Write out the entries again. Match each one exactly.
----
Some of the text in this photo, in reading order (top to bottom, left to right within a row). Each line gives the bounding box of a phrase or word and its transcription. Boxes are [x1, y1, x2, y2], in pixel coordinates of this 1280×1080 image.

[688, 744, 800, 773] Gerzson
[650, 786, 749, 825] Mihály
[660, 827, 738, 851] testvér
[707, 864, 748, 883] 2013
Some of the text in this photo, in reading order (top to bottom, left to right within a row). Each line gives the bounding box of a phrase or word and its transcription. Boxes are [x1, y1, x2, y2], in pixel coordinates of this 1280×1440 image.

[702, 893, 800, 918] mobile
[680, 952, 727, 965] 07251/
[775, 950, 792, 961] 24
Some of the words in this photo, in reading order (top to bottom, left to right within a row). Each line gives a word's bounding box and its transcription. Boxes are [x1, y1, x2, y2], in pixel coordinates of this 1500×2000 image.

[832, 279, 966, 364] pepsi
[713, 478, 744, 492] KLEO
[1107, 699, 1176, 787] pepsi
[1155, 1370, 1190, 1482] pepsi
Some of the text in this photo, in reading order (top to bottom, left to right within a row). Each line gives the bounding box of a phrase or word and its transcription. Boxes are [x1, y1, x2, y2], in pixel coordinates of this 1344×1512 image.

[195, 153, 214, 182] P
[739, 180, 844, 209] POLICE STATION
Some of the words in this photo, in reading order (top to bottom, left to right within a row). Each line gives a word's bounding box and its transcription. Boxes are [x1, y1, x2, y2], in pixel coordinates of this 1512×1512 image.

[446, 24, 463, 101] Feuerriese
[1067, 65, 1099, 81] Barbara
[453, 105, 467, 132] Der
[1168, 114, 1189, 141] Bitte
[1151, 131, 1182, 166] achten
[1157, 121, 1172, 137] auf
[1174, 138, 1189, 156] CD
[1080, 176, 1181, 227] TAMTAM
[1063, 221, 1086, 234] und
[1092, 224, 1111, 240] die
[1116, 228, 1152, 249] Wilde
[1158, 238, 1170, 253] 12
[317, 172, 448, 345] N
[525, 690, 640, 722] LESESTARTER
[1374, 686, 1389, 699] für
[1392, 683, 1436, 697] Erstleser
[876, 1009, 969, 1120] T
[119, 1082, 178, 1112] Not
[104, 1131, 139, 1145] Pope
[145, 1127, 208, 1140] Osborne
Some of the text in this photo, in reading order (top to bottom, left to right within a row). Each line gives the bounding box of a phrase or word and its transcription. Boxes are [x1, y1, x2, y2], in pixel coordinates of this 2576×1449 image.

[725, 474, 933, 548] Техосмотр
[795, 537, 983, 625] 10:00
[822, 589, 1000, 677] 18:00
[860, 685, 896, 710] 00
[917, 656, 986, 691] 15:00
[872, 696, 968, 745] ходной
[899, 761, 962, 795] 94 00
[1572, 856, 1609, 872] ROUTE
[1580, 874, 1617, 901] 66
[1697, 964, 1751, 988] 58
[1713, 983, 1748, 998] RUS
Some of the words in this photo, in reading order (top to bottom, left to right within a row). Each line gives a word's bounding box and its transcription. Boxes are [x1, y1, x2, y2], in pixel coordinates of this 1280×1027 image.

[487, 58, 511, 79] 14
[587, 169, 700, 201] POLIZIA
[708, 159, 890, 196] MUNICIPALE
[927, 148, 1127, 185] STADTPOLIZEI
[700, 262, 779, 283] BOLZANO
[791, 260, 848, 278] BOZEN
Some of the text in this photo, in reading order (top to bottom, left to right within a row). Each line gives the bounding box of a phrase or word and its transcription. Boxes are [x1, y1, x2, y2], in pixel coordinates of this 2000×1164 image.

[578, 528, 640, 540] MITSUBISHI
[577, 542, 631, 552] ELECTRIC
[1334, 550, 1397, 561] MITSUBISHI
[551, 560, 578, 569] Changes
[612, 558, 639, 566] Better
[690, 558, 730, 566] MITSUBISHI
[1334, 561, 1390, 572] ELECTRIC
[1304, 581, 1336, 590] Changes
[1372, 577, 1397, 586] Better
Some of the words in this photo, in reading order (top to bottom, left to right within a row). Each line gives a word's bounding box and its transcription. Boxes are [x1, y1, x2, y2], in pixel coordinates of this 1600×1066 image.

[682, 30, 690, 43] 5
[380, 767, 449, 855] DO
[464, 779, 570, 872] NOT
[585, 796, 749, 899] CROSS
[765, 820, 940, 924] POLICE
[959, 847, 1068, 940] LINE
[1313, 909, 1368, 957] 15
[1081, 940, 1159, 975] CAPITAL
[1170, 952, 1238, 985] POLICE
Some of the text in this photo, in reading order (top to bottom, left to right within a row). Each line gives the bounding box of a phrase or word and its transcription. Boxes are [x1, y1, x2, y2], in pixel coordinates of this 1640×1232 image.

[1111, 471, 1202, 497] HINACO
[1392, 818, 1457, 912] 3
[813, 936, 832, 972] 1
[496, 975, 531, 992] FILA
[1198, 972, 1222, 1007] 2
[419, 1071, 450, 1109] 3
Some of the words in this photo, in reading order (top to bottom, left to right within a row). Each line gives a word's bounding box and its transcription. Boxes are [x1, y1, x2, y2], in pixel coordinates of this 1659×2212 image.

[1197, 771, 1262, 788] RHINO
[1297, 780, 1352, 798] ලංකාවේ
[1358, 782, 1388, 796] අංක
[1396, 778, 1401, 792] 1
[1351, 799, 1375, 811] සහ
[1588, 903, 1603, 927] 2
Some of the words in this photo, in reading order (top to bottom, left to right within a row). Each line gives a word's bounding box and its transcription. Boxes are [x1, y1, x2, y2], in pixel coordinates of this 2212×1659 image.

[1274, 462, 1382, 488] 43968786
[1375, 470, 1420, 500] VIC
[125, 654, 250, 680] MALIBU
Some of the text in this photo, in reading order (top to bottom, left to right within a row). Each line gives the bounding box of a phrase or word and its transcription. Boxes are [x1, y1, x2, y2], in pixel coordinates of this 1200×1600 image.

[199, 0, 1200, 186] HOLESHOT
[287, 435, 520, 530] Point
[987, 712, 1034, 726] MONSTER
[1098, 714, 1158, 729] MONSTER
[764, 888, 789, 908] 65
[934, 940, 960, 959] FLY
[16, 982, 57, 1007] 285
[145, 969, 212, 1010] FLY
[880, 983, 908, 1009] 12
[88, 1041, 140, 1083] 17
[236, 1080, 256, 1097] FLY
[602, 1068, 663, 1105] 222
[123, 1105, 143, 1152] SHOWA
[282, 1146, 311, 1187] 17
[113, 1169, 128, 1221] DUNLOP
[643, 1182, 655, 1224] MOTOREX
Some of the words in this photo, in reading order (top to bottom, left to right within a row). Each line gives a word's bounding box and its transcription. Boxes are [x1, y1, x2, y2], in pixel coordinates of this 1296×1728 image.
----
- [RESULT FOR THIS TASK]
Some of the text in this photo, in reading order (top to bottom, left to right within a row). Each line gives the bounding box of a phrase or word and its transcription. Boxes are [x1, y1, x2, y2], in pixel coordinates of this 1280×1080 image.

[688, 744, 800, 773] Gerzson
[650, 786, 749, 825] Mihály
[660, 827, 738, 851] testvér
[707, 864, 748, 883] 2013
Some of the text in this photo, in reading order (top to bottom, left to right within a row). Each line gives the bounding box of a phrase or word and its transcription. Boxes are [x1, y1, x2, y2], in pixel coordinates of this 1280×1440 image.

[702, 893, 800, 918] mobile
[680, 952, 727, 965] 07251/
[775, 950, 792, 961] 24
Some of the words in this photo, in reading order (top to bottom, left to right within a row). Each line gives a word's bounding box and its transcription. Boxes are [x1, y1, x2, y2], in pixel coordinates of this 1500×2000 image.

[832, 279, 966, 364] pepsi
[713, 478, 744, 492] KLEO
[1107, 699, 1176, 787] pepsi
[1155, 1370, 1190, 1482] pepsi
Some of the text in this photo, in reading order (top to bottom, left to right within a row). Each line gives the bounding box of a phrase or word and its transcription. Boxes are [x1, y1, x2, y2], in pixel coordinates of this 1344×1512 image.

[195, 153, 214, 182] P
[739, 180, 844, 209] POLICE STATION
Some of the words in this photo, in reading order (top to bottom, left to right within a row). Each line gives a word's bounding box and its transcription. Boxes are [x1, y1, x2, y2], in pixel coordinates of this 1512×1512 image.

[446, 24, 463, 101] Feuerriese
[1067, 65, 1099, 81] Barbara
[453, 105, 467, 132] Der
[1168, 114, 1189, 141] Bitte
[1151, 131, 1182, 166] achten
[1157, 121, 1172, 137] auf
[1174, 138, 1189, 156] CD
[1080, 176, 1181, 227] TAMTAM
[1063, 221, 1086, 234] und
[1092, 224, 1111, 240] die
[1116, 228, 1152, 249] Wilde
[1158, 238, 1170, 253] 12
[317, 172, 448, 345] N
[525, 690, 640, 722] LESESTARTER
[1374, 686, 1389, 699] für
[1392, 683, 1436, 697] Erstleser
[876, 1009, 969, 1120] T
[119, 1082, 178, 1112] Not
[104, 1131, 139, 1145] Pope
[145, 1127, 208, 1140] Osborne
Some of the text in this photo, in reading order (top to bottom, left to right within a row). Each line gives the bounding box of a phrase or word and its transcription. Boxes are [x1, y1, x2, y2], in pixel coordinates of this 2576×1449 image.

[725, 474, 933, 548] Техосмотр
[795, 537, 983, 625] 10:00
[822, 589, 1000, 677] 18:00
[860, 685, 896, 710] 00
[917, 656, 986, 691] 15:00
[872, 696, 968, 745] ходной
[899, 761, 962, 795] 94 00
[1572, 856, 1609, 872] ROUTE
[1580, 874, 1617, 901] 66
[1697, 964, 1751, 988] 58
[1713, 983, 1748, 998] RUS
Some of the words in this photo, in reading order (top to bottom, left to right within a row). Each line gives a word's bounding box and its transcription. Boxes are [x1, y1, x2, y2], in pixel coordinates of this 1280×1027 image.

[487, 58, 511, 79] 14
[587, 169, 700, 201] POLIZIA
[708, 159, 890, 196] MUNICIPALE
[927, 148, 1127, 185] STADTPOLIZEI
[700, 262, 779, 283] BOLZANO
[791, 260, 848, 278] BOZEN
Some of the text in this photo, in reading order (top to bottom, left to right within a row). Each line gives the bounding box of a phrase or word and its transcription. Boxes are [x1, y1, x2, y2], in pixel coordinates of this 2000×1164 image.

[578, 528, 640, 540] MITSUBISHI
[577, 542, 631, 552] ELECTRIC
[1334, 550, 1397, 561] MITSUBISHI
[551, 560, 578, 569] Changes
[612, 558, 639, 566] Better
[690, 558, 730, 566] MITSUBISHI
[1334, 561, 1390, 572] ELECTRIC
[1304, 581, 1336, 590] Changes
[1372, 577, 1397, 586] Better
Some of the words in this photo, in reading order (top to bottom, left to right within a row). Each line gives a word's bounding box and its transcription. Boxes are [x1, y1, x2, y2], in pixel coordinates of this 1600×1066 image.

[682, 30, 690, 43] 5
[380, 767, 449, 855] DO
[464, 779, 570, 872] NOT
[585, 796, 749, 899] CROSS
[765, 820, 940, 924] POLICE
[959, 847, 1068, 940] LINE
[1313, 909, 1368, 957] 15
[1081, 940, 1159, 975] CAPITAL
[1170, 952, 1238, 985] POLICE
Some of the text in this photo, in reading order (top to bottom, left to right within a row). Each line gives the bounding box of a phrase or word and its transcription. Boxes are [x1, y1, x2, y2], in pixel coordinates of this 1640×1232 image.

[1111, 471, 1202, 497] HINACO
[1392, 818, 1457, 912] 3
[813, 936, 832, 972] 1
[496, 975, 531, 992] FILA
[1198, 972, 1222, 1007] 2
[419, 1071, 450, 1109] 3
Some of the words in this photo, in reading order (top to bottom, left to right within a row). Each line gives a word's bounding box and its transcription. Boxes are [x1, y1, x2, y2], in pixel coordinates of this 1659×2212 image.

[1197, 771, 1262, 788] RHINO
[1297, 780, 1352, 798] ලංකාවේ
[1358, 782, 1388, 796] අංක
[1396, 778, 1401, 792] 1
[1351, 799, 1375, 811] සහ
[1588, 903, 1603, 927] 2
Some of the words in this photo, in reading order (top to bottom, left to right within a row). Each line gives a word's bounding box and its transcription. Boxes are [x1, y1, x2, y2], in pixel coordinates of this 2212×1659 image.

[1274, 462, 1382, 488] 43968786
[1375, 470, 1420, 500] VIC
[125, 654, 250, 680] MALIBU
Some of the text in this photo, in reading order (top to bottom, left to right within a row). Each line gives the bounding box of a phrase or word and its transcription. Boxes are [x1, y1, x2, y2], in pixel coordinates of this 1200×1600 image.

[199, 0, 1200, 186] HOLESHOT
[287, 435, 520, 530] Point
[987, 712, 1034, 726] MONSTER
[1098, 714, 1158, 729] MONSTER
[764, 888, 789, 908] 65
[934, 940, 960, 959] FLY
[16, 982, 57, 1007] 285
[145, 969, 212, 1010] FLY
[880, 983, 908, 1009] 12
[88, 1041, 140, 1083] 17
[236, 1080, 256, 1097] FLY
[602, 1068, 663, 1105] 222
[123, 1105, 143, 1152] SHOWA
[282, 1146, 311, 1187] 17
[113, 1169, 128, 1221] DUNLOP
[643, 1182, 655, 1224] MOTOREX
Some of the words in this photo, in reading order (top to bottom, left to right within a row). Each line gives a word's bounding box and its transcription. Boxes are [x1, y1, x2, y2], in pixel coordinates of this 1296×1728 image.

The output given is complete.